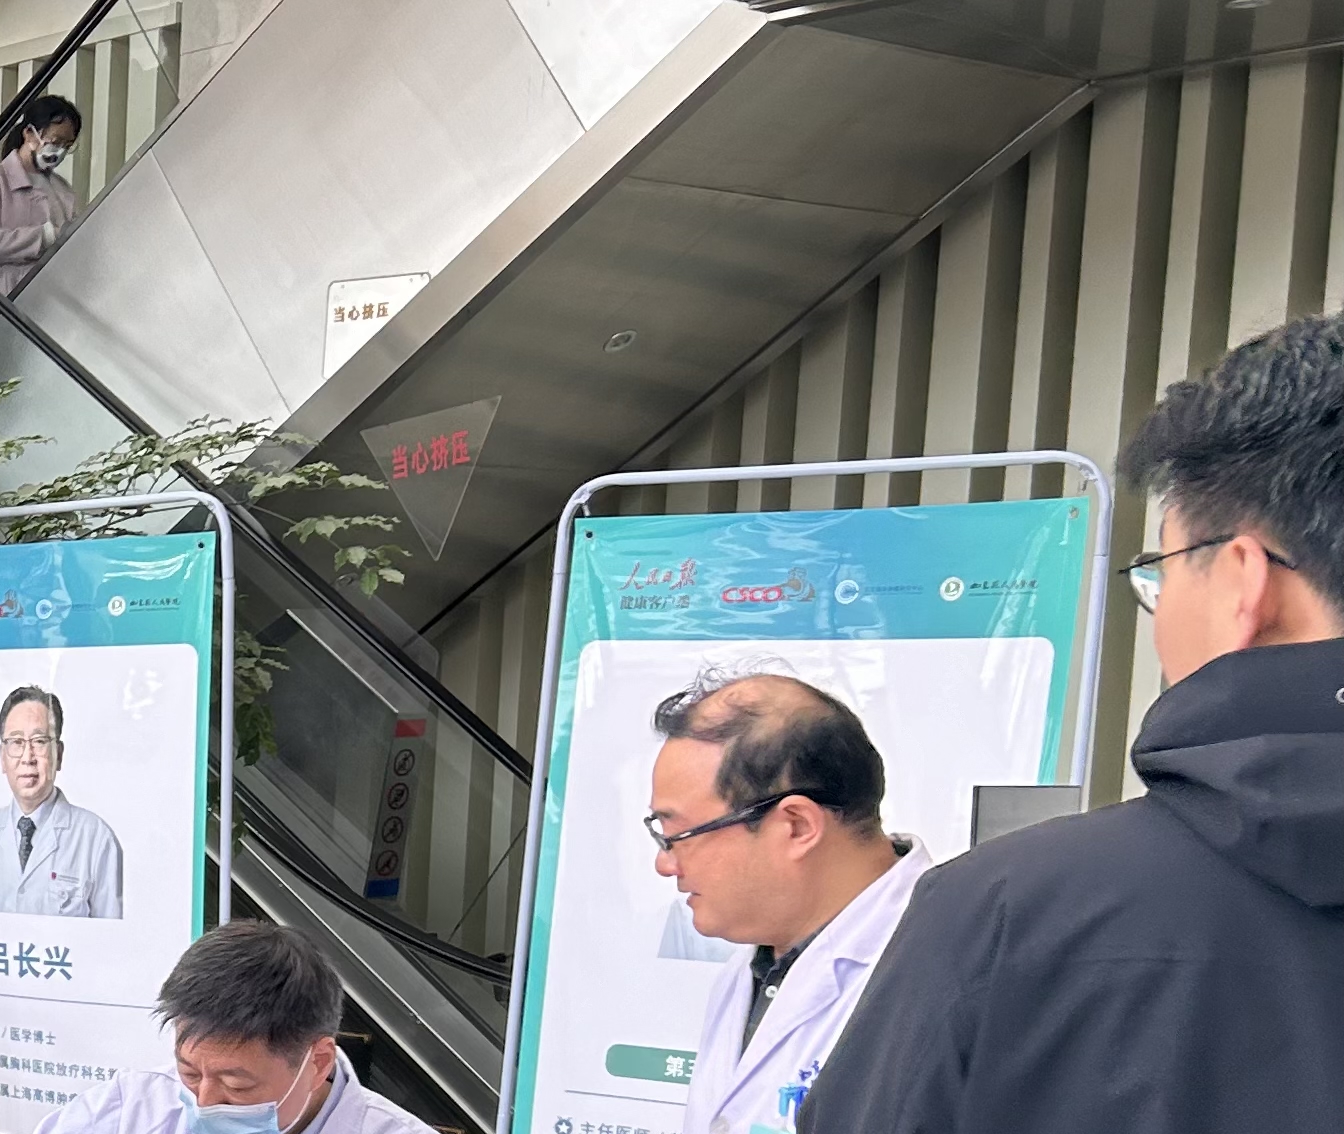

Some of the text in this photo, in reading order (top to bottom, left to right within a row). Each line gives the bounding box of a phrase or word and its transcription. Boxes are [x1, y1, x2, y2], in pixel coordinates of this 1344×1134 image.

[333, 301, 390, 323] 当心挤压
[391, 429, 471, 479] 当心挤压
[620, 595, 690, 610] 健康客户端
[722, 586, 783, 604] CSCO

----

### TASK DIRECTIONS
Every record must be transcribed faithfully, with no picture carried over.

### EXERCISE OUTPUT
Some of the text in this photo, in reading order (top to bottom, left to right within a row). Each line gives the bounding box of a phrase or word and its transcription. Boxes are [x1, y1, x2, y2], in pixel coordinates of this 1344×1134 image.

[333, 301, 390, 323] 当心挤压
[391, 429, 471, 479] 当心挤压
[620, 595, 690, 610] 健康客户端
[722, 586, 783, 604] CSCO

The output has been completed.